As if to signal official recognition of the place of institutionalized professional development in law firms, one of the leading practitioners and thinkers in professional development has just published what is undoubtedly the most important book on the subject to date. Lawyers' Professional Development: The Legal Employer's Comprehensive Guide (NALP 2002) by Ida Abbott is a must read for those who manage law firms or corporate or governmental legal departments.

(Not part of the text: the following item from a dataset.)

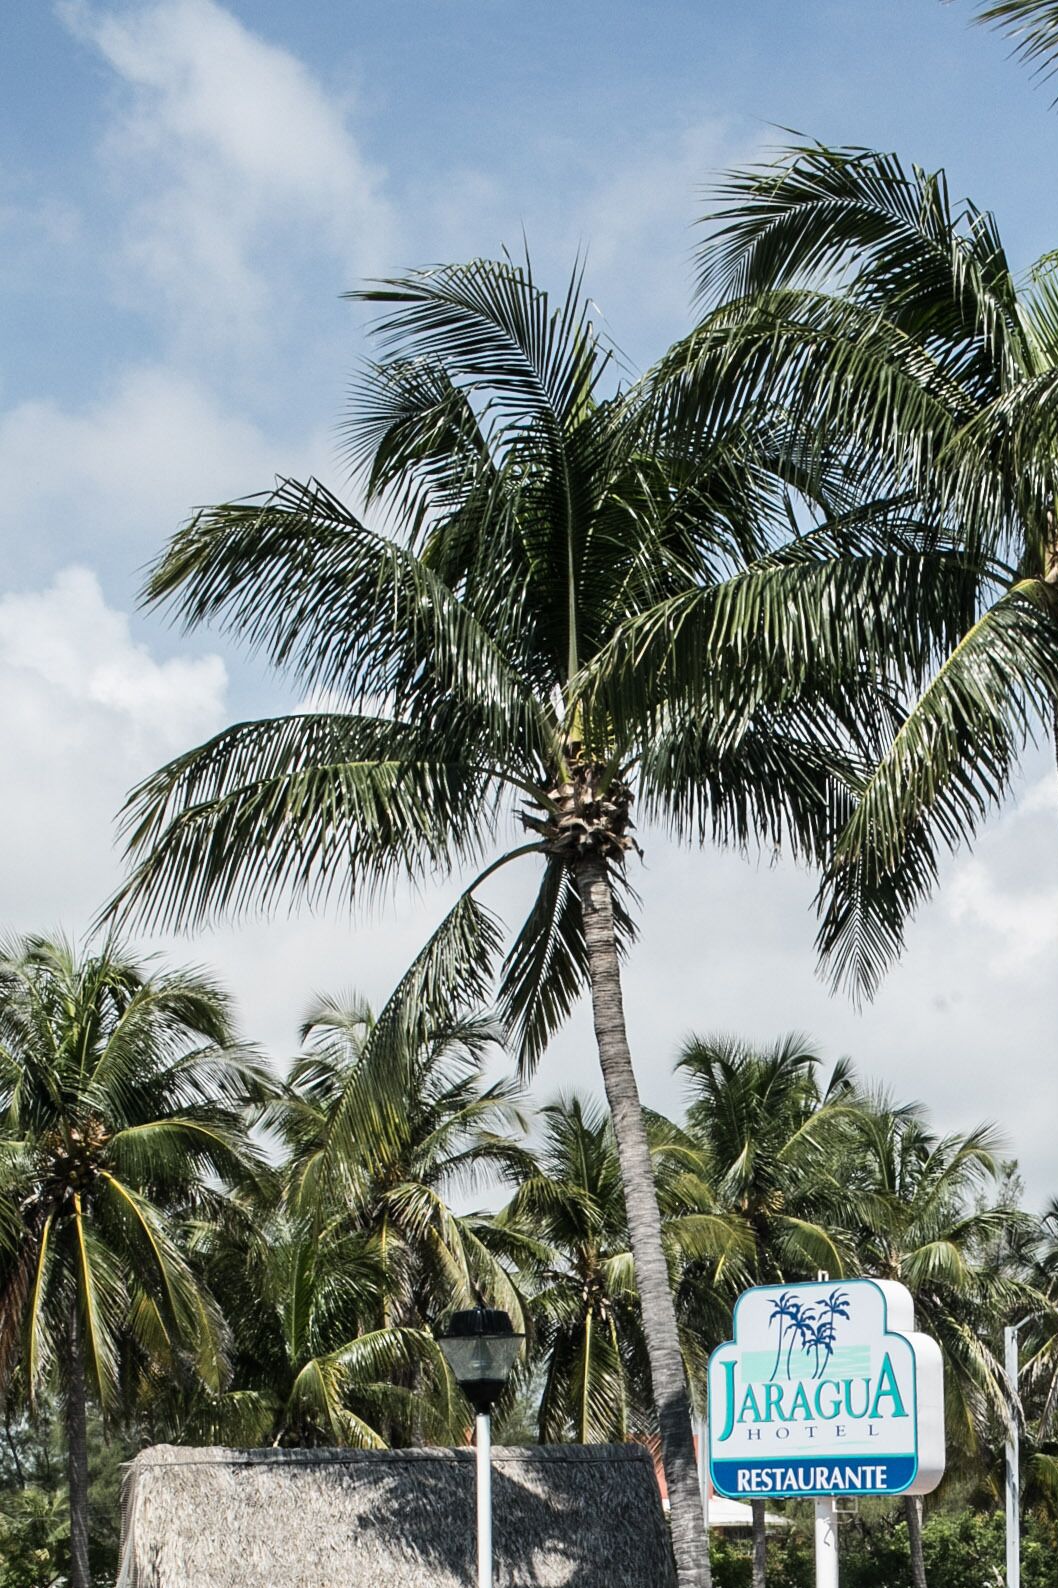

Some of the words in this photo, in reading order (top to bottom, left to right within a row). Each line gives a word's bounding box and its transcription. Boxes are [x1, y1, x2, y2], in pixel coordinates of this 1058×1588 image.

[717, 1352, 909, 1442] JARAGUA
[748, 1424, 879, 1441] HOTEL
[737, 1466, 887, 1491] RESTAURANTE

Abbott notes that one measure of the coming of age of law firm professional development is the recent dramatic growth in membership of the Professional Development Consortium (PDC), the only association in the United States comprised solely of in-house legal training and professional development personnel. After a fairly steady membership made up primarily of personnel from large East Coast firms throughout the 1990s, PDC membership doubled from January 2000 through the end of 2002. New members included personnel from large firms throughout the United States, Canada and the United Kingdom.

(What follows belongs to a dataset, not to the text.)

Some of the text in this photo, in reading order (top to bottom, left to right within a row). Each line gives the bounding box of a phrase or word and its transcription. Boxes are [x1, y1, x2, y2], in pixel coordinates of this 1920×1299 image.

Basic Elements of a Professional Development Program

Abbott breaks a comprehensive professional development program into four principal components: formal training; on-the-job training; mentoring; and evaluation and advancement/feedback.

Formal training: Skills and knowledge. High associate billing rates, increased demand for early specialization and the need to stay on top of fast-paced changes in the law are just some of the reasons law firms are supplementing on-the-job learning with more and more formal training elements. Last year, our firm sponsored nearly 400 hours of formal in-house training – most taught by our own lawyers. Substantive and skills topics are generated by our various practice groups and coordinated by our professional development team. Formal programs include:

New Lawyer Training. Our new lawyers are required to attend a five-day program (taught in two halves, one in the fall and one in the spring of their first year) that covers topics germane to firm orientation and a basic grounding in their practice area. New lawyer training helps our new associates hit the ground running. It also provides important assimilation. New hires from all offices are flown into our largest office, offering all an important opportunity to get to know each other.

Core training. Monthly programs on basic building block topics are scheduled throughout the year from a list of core topics developed by partners and associates in our major practice areas. For example, our Corporate Group sponsors one three-hour program each month for associates in years 1 or 2 and one 90-minute program each month for associates in years 3, 4 and 5. Attendance is mandatory. Our M&A Practice Group conducts a more advanced and specific series of training programs that builds upon the Corporate core training base. In addition to core substantive training emanating from practice groups, we also offer training on core skills that cut across practice areas, including negotiation, alternative dispute resolution, time management and oral and written communication.

Current events and cutting edge. In areas of law characterized by rapid and significant legal change, regular update training programs are scheduled. For instance, our M&A Practice Group sponsors an M&A Update program every 6 months to recap the latest legislative, regulatory and case law developments. At our Corporate Forum meetings, corporate partners and associates gather every Monday morning to discuss items culled from the most recent week's advance sheets. Corporate partners take turns leading discussion. Our Trial Group meets monthly to discuss discovery issues and case developments, recent experiences with judges and to hear partner and associate presentations on legal developments. In addition, major legal developments provide occasion for intensive in-house training (eg, from August 2002 through February 2003, we produced 15 hours of original, internal programs on the Sarbanes-Oxley Act of 2002 and related reforms).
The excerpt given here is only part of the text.